The founding teams of most tech startups and the first few rounds of technical employees,
Cryptocurrency
E-sports
Tech Venture Capital (e.g. Y combinator)
AI and AI safety
Effective altruism
It takes time for the problematizers to notice a new power center and bring the eye of sauron to bear. But this is becoming quicker and more predictable, so first movers are pre-emptively playing the optics game with more effort and finesse. I just worry that someday there won't be any new growth centers to move to.
It would be very amusing if the oh-so-harassed techbros finally get a position of overwhelming dominance over the problematizers: traditional media, finance, academia, politics and so on. Perhaps it wasn't such a good idea to make enemies of people with enormous unrealized power in terms of proximity to AI. Machiavelli said something like 'if you're going to offend and humiliate someone, make sure to totally cripple them so they can never get revenge'.
But on the other hand, wielding power is not something the tech sector is good at doing, systemically. Musk for example has a lot wealth but he struggles to leverage it to achieve his goals and also makes a lot of enemies.
I actually think there's a decent chance of this happening, and that a whole host of horrors will be unleashed if it does.
They seemed pretty good at it until about the mid 70's.
Do you mean the aerospace or atomics sectors?

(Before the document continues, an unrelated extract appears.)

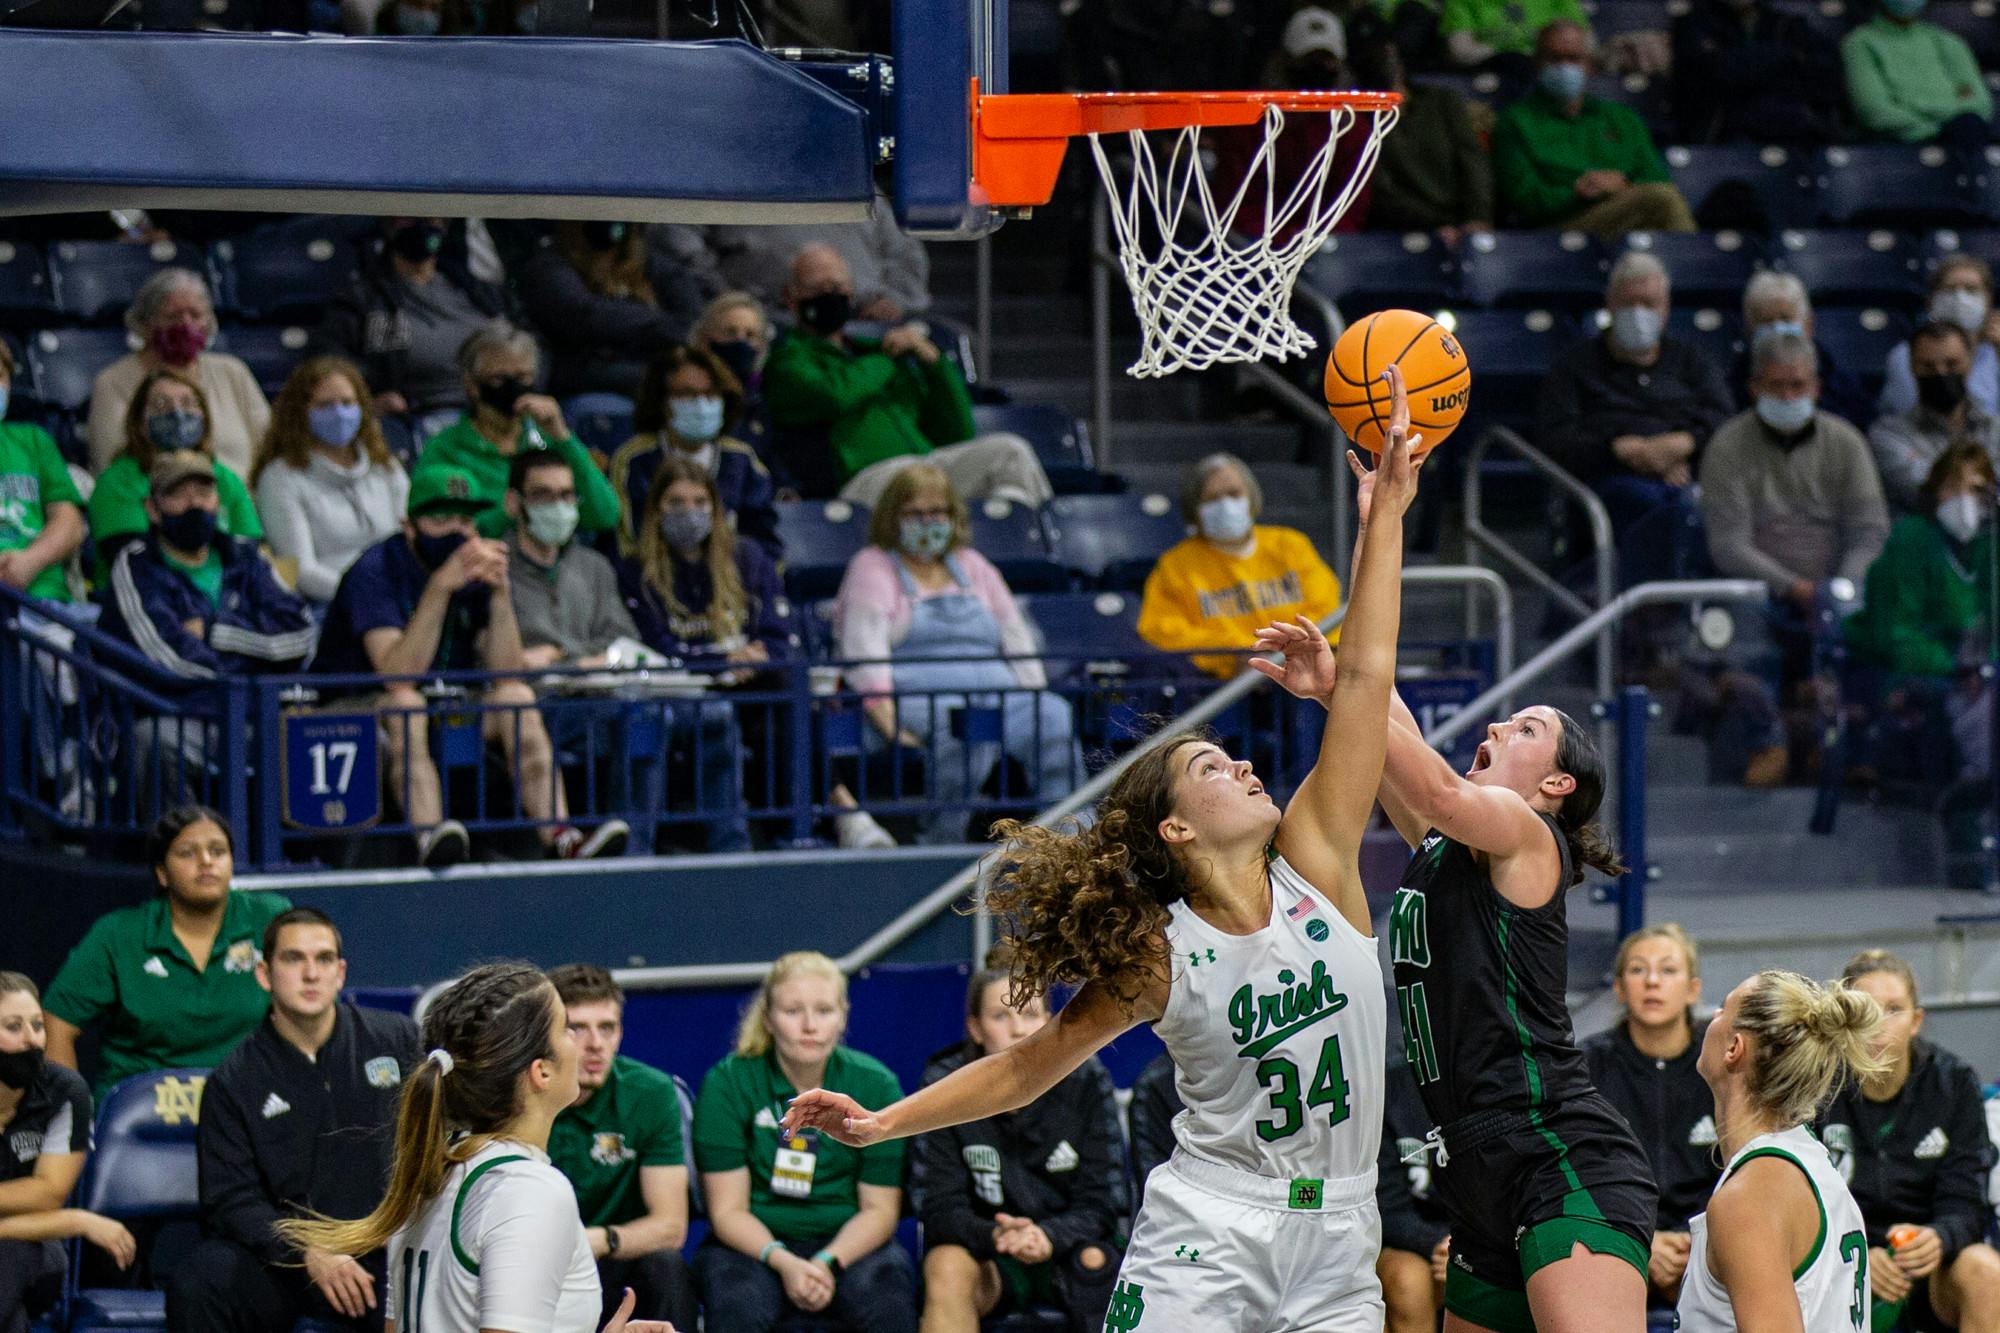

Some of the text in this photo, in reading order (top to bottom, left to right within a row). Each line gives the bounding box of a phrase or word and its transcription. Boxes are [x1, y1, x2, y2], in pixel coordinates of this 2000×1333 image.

Defence sort of counts as tech, it certainly would've then when it was the leading sector of the economy... It's an interesting question of how one defines technology.
I meant more stuff like this, but generally wasn't the zeitgeist of the post war period one of science / rationality / industrialization / technology?
Oh technology generally was more fashionable back then. Scientific prestige was higher. Tom Swift was the hero in 'Tom Swift and his Atomic Earth Blaster'!
I really think lobotomies come under the aegis of medicine. Eugenics too, for that matter. Medicine just doesn't feel like tech, it feels like something else. The pharma-industrial complex has a different essence to the military-industrial complex or the big tech that we know today IMO. They tend to hold less of the limelight, the profile of Pfizer and Johnson&Johnson was very low compared to tech. Musk, Zuckerberg, Gates, Bezos... these are mighty names! Who has heard of Alex Gorsky, former CEO of J & J? But on the other hand, they are called biotech companies.
With tech, I think it's a case of the more physics are involved, the techier it gets. Aerospace, ballistics, Silicon Valley, Massachusetts. Computer science is sort of like physics, it's all precise rules and mathematics. I reckon the bombards that were used to break the walls of Constantinople would be classified as tech, that's physics/engineering.